英語に限りませんが,ほとんどの場合,スラング(俗語表現)は誰が生み出したか,という質問にズバリ答えることはできません.噂の出所を特定するのと同じくらい難しい問題です.一方,スラングはどのように生み出されたのか,という質問にはヒントがあります.

 まず,誰がスラングを生み出したか,という質問について考えてみたいと思います.スラングの誕生は新しい語・表現の創出ですので,広い意味では語彙における変化の一種です.語彙,発音,文法などの言語変化は日常茶飯ですが,ほとんどのケースで,その変化の主を特定することはできません.非常にまれに芸能人や政治家などの有名な個人が新語を造り出し,流行語となるケースがありますが,そのようなケースは例外中の例外です.通常は,どの個人が言語変化をもたらしたか,後になってから特定することは不可能です.

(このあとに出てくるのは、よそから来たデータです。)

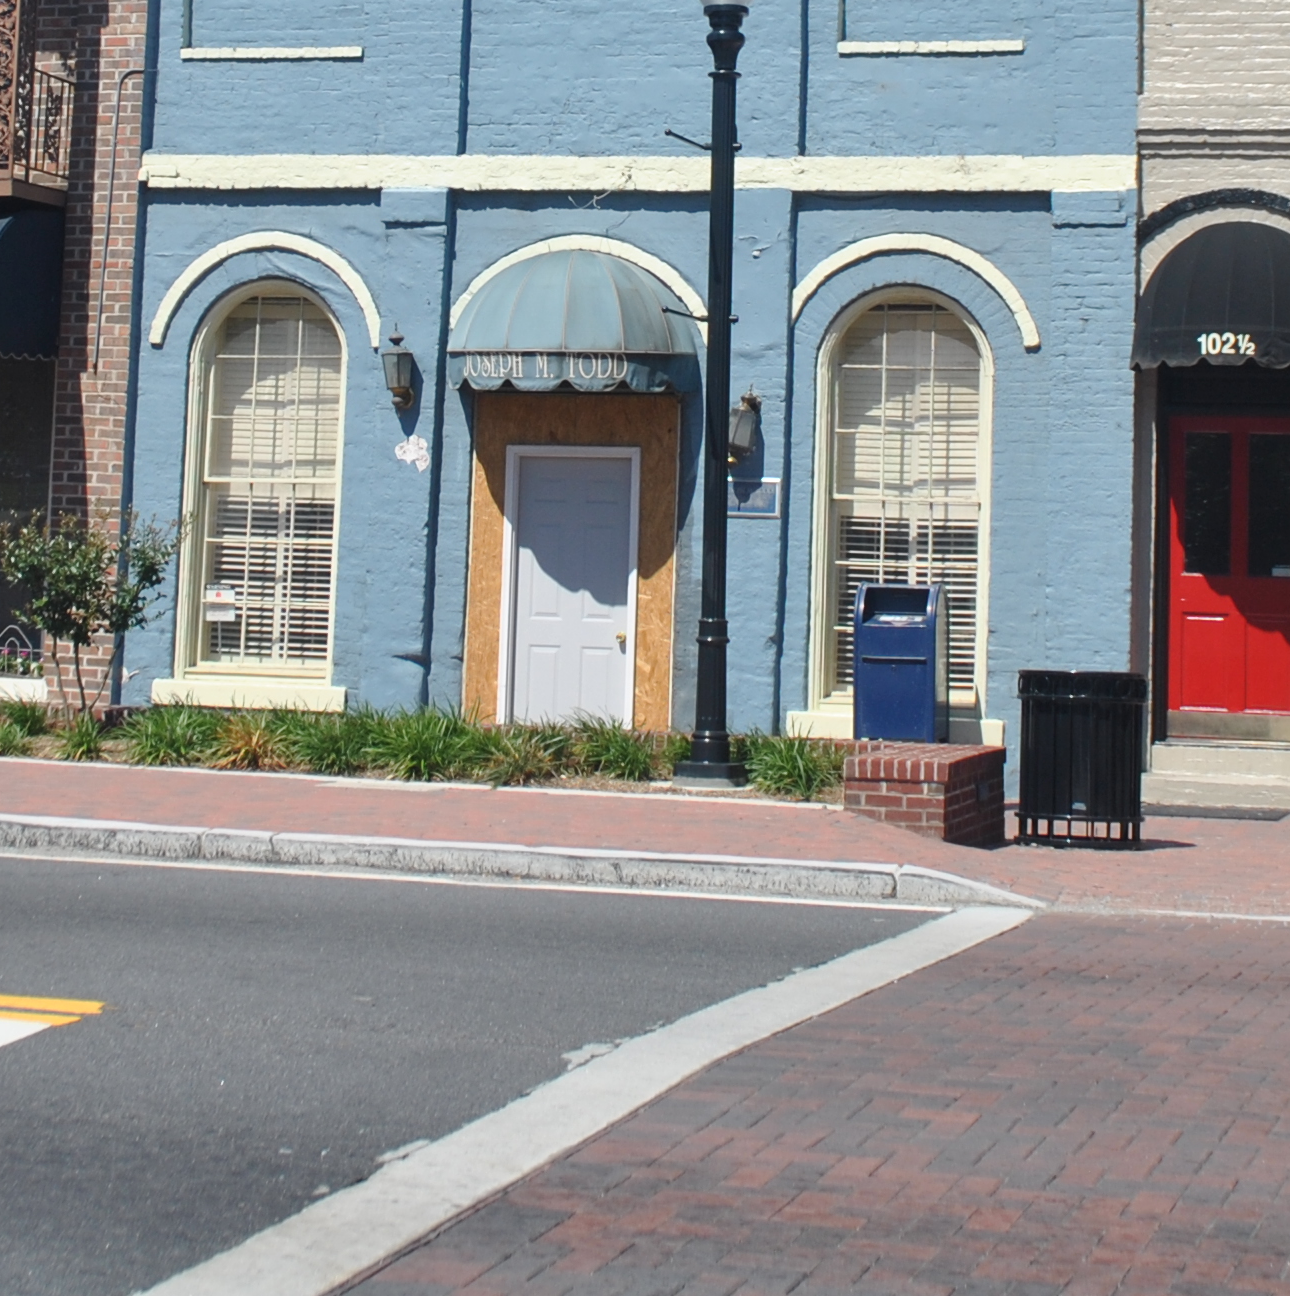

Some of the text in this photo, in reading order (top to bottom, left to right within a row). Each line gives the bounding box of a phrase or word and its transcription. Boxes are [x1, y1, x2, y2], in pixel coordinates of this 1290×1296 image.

[463, 351, 628, 379] JOSEPH M. TODD

 しかし,変化をもたらした個人は特定できずとも,どの辺りの社会集団で変化が生じたかは突き止められる場合があります.例えば「渋谷の女子高生たち」とか「言語学者のサークル」とか「東京へ通勤・通学する東海地方の人々」とか「日英語のバイリンガルたち」とか,詳しく調査すれば,その程度までは分かることがあります.これは20世紀後半からの社会言語学という分野の進展によるところが大きく,「誰が言語変化をもたらすのか」という質問に最も鋭く迫る,現在における言語学の到達点にして限界点であると言ってよいと思います.

 英語のスラングの誕生についても,同じことが言えます.出所について「アメリカの大学生たち」とか「スコットランドの労働者階級」とか「ニュージーランドの軍隊」とか,そのくらいまでは迫れるかもしれませんが,その内部の「特定の誰が?」ということになると,ほとんど判明しないでしょう.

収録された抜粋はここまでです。